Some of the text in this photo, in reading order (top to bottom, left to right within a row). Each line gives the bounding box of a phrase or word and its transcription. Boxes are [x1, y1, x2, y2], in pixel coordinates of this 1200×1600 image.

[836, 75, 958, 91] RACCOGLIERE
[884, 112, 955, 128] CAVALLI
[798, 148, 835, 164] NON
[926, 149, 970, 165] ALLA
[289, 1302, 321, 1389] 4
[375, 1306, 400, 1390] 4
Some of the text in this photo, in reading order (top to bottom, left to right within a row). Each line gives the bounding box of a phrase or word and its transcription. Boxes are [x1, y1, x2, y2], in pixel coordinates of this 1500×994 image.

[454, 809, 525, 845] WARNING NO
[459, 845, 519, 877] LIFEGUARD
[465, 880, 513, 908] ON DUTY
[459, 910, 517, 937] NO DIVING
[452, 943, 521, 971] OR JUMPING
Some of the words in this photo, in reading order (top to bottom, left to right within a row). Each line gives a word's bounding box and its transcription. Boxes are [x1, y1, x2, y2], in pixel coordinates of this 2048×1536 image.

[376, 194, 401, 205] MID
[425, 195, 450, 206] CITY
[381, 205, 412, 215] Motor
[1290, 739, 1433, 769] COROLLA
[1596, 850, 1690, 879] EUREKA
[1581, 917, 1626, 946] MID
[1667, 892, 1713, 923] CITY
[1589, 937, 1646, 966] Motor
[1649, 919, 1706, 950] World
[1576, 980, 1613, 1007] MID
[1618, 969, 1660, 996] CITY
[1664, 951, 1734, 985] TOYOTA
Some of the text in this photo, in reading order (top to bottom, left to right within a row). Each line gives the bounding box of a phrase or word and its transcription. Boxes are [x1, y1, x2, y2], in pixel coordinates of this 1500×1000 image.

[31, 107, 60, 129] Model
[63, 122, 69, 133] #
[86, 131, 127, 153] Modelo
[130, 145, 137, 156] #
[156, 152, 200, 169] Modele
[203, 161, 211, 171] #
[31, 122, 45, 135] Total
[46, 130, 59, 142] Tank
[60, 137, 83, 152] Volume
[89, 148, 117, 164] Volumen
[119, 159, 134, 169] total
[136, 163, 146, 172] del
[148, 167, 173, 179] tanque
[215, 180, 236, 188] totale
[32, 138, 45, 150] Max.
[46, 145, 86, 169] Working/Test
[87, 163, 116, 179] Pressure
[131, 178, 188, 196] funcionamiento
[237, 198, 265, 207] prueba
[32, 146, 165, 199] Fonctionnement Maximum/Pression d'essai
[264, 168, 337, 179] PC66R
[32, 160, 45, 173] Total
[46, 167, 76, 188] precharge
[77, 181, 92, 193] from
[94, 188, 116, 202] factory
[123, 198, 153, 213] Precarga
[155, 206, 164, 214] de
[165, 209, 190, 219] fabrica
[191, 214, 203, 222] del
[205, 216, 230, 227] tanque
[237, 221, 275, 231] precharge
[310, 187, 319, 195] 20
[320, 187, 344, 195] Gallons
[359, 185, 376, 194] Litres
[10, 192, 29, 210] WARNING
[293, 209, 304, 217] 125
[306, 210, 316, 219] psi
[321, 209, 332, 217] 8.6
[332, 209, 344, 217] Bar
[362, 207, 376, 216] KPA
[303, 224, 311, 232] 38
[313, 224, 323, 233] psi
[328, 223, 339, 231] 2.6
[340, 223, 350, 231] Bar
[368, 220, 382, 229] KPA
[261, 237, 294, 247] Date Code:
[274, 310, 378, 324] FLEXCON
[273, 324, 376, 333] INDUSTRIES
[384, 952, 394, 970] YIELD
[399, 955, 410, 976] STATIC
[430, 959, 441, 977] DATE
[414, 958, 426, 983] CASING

━━━━━━━━━━

- [WHAT YOU NEED TO DO] Give every entry in the listing above again, exactly as written.

- [TASK RESPONSE]
Some of the text in this photo, in reading order (top to bottom, left to right within a row). Each line gives the bounding box of a phrase or word and its transcription. Boxes are [x1, y1, x2, y2], in pixel coordinates of this 1200×1600 image.

[836, 75, 958, 91] RACCOGLIERE
[884, 112, 955, 128] CAVALLI
[798, 148, 835, 164] NON
[926, 149, 970, 165] ALLA
[289, 1302, 321, 1389] 4
[375, 1306, 400, 1390] 4
Some of the text in this photo, in reading order (top to bottom, left to right within a row). Each line gives the bounding box of a phrase or word and its transcription. Boxes are [x1, y1, x2, y2], in pixel coordinates of this 1500×994 image.

[454, 809, 525, 845] WARNING NO
[459, 845, 519, 877] LIFEGUARD
[465, 880, 513, 908] ON DUTY
[459, 910, 517, 937] NO DIVING
[452, 943, 521, 971] OR JUMPING
Some of the words in this photo, in reading order (top to bottom, left to right within a row). Each line gives a word's bounding box and its transcription. Boxes are [x1, y1, x2, y2], in pixel coordinates of this 2048×1536 image.

[376, 194, 401, 205] MID
[425, 195, 450, 206] CITY
[381, 205, 412, 215] Motor
[1290, 739, 1433, 769] COROLLA
[1596, 850, 1690, 879] EUREKA
[1581, 917, 1626, 946] MID
[1667, 892, 1713, 923] CITY
[1589, 937, 1646, 966] Motor
[1649, 919, 1706, 950] World
[1576, 980, 1613, 1007] MID
[1618, 969, 1660, 996] CITY
[1664, 951, 1734, 985] TOYOTA
Some of the text in this photo, in reading order (top to bottom, left to right within a row). Each line gives the bounding box of a phrase or word and its transcription. Boxes are [x1, y1, x2, y2], in pixel coordinates of this 1500×1000 image.

[31, 107, 60, 129] Model
[63, 122, 69, 133] #
[86, 131, 127, 153] Modelo
[130, 145, 137, 156] #
[156, 152, 200, 169] Modele
[203, 161, 211, 171] #
[31, 122, 45, 135] Total
[46, 130, 59, 142] Tank
[60, 137, 83, 152] Volume
[89, 148, 117, 164] Volumen
[119, 159, 134, 169] total
[136, 163, 146, 172] del
[148, 167, 173, 179] tanque
[215, 180, 236, 188] totale
[32, 138, 45, 150] Max.
[46, 145, 86, 169] Working/Test
[87, 163, 116, 179] Pressure
[131, 178, 188, 196] funcionamiento
[237, 198, 265, 207] prueba
[32, 146, 165, 199] Fonctionnement Maximum/Pression d'essai
[264, 168, 337, 179] PC66R
[32, 160, 45, 173] Total
[46, 167, 76, 188] precharge
[77, 181, 92, 193] from
[94, 188, 116, 202] factory
[123, 198, 153, 213] Precarga
[155, 206, 164, 214] de
[165, 209, 190, 219] fabrica
[191, 214, 203, 222] del
[205, 216, 230, 227] tanque
[237, 221, 275, 231] precharge
[310, 187, 319, 195] 20
[320, 187, 344, 195] Gallons
[359, 185, 376, 194] Litres
[10, 192, 29, 210] WARNING
[293, 209, 304, 217] 125
[306, 210, 316, 219] psi
[321, 209, 332, 217] 8.6
[332, 209, 344, 217] Bar
[362, 207, 376, 216] KPA
[303, 224, 311, 232] 38
[313, 224, 323, 233] psi
[328, 223, 339, 231] 2.6
[340, 223, 350, 231] Bar
[368, 220, 382, 229] KPA
[261, 237, 294, 247] Date Code:
[274, 310, 378, 324] FLEXCON
[273, 324, 376, 333] INDUSTRIES
[384, 952, 394, 970] YIELD
[399, 955, 410, 976] STATIC
[430, 959, 441, 977] DATE
[414, 958, 426, 983] CASING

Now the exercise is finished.